HOW TO COMPLETE THIS TASK: The listing below has to be output exactly as given, less its pictures.

RECORD EXTRACTS:
────────

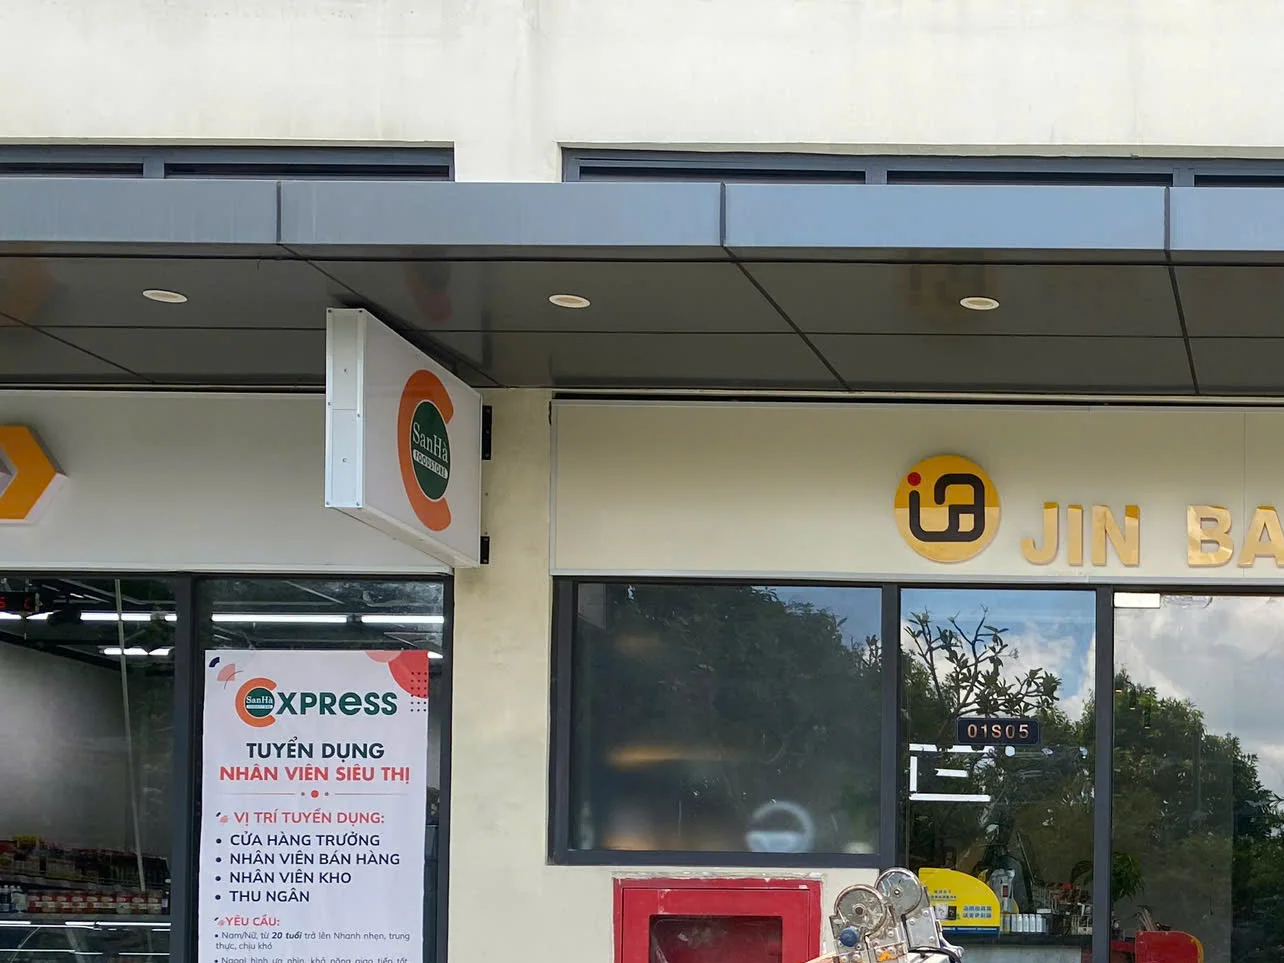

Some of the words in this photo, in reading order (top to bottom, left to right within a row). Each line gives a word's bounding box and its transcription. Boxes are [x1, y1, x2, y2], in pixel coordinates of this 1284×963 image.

[412, 422, 449, 463] SanHà
[413, 450, 449, 479] FOODSTORE
[1020, 502, 1141, 567] JIN
[967, 724, 1029, 739] 01S05
[246, 736, 313, 759] TUYỂN
[322, 742, 385, 763] DỤNG
[219, 764, 278, 781] NHÂN
[285, 764, 329, 781] VIÊN
[336, 764, 375, 781] SIÊU
[381, 767, 410, 785] THỊ
[234, 812, 249, 826] VỊ
[254, 809, 277, 824] TRÍ
[337, 812, 385, 827] DỤNG:
[230, 831, 263, 846] CỬA
[267, 831, 311, 846] HÀNG
[316, 831, 380, 846] TRƯỞNG
[230, 850, 275, 865] NHÂN
[279, 850, 315, 865] VIÊN
[319, 850, 351, 865] BÁN
[356, 850, 400, 865] HÀNG
[229, 869, 275, 884] NHÂN
[279, 869, 315, 884] VIÊN
[319, 871, 352, 884] KHO
[229, 890, 261, 902] THU
[266, 888, 310, 902] NGÂN
[225, 914, 249, 926] YÊU
[272, 931, 283, 940] 20
[334, 931, 361, 940] Nhanh

────────

ANSWER:
Some of the words in this photo, in reading order (top to bottom, left to right within a row). Each line gives a word's bounding box and its transcription. Boxes are [x1, y1, x2, y2], in pixel coordinates of this 1284×963 image.

[412, 422, 449, 463] SanHà
[413, 450, 449, 479] FOODSTORE
[1020, 502, 1141, 567] JIN
[967, 724, 1029, 739] 01S05
[246, 736, 313, 759] TUYỂN
[322, 742, 385, 763] DỤNG
[219, 764, 278, 781] NHÂN
[285, 764, 329, 781] VIÊN
[336, 764, 375, 781] SIÊU
[381, 767, 410, 785] THỊ
[234, 812, 249, 826] VỊ
[254, 809, 277, 824] TRÍ
[337, 812, 385, 827] DỤNG:
[230, 831, 263, 846] CỬA
[267, 831, 311, 846] HÀNG
[316, 831, 380, 846] TRƯỞNG
[230, 850, 275, 865] NHÂN
[279, 850, 315, 865] VIÊN
[319, 850, 351, 865] BÁN
[356, 850, 400, 865] HÀNG
[229, 869, 275, 884] NHÂN
[279, 869, 315, 884] VIÊN
[319, 871, 352, 884] KHO
[229, 890, 261, 902] THU
[266, 888, 310, 902] NGÂN
[225, 914, 249, 926] YÊU
[272, 931, 283, 940] 20
[334, 931, 361, 940] Nhanh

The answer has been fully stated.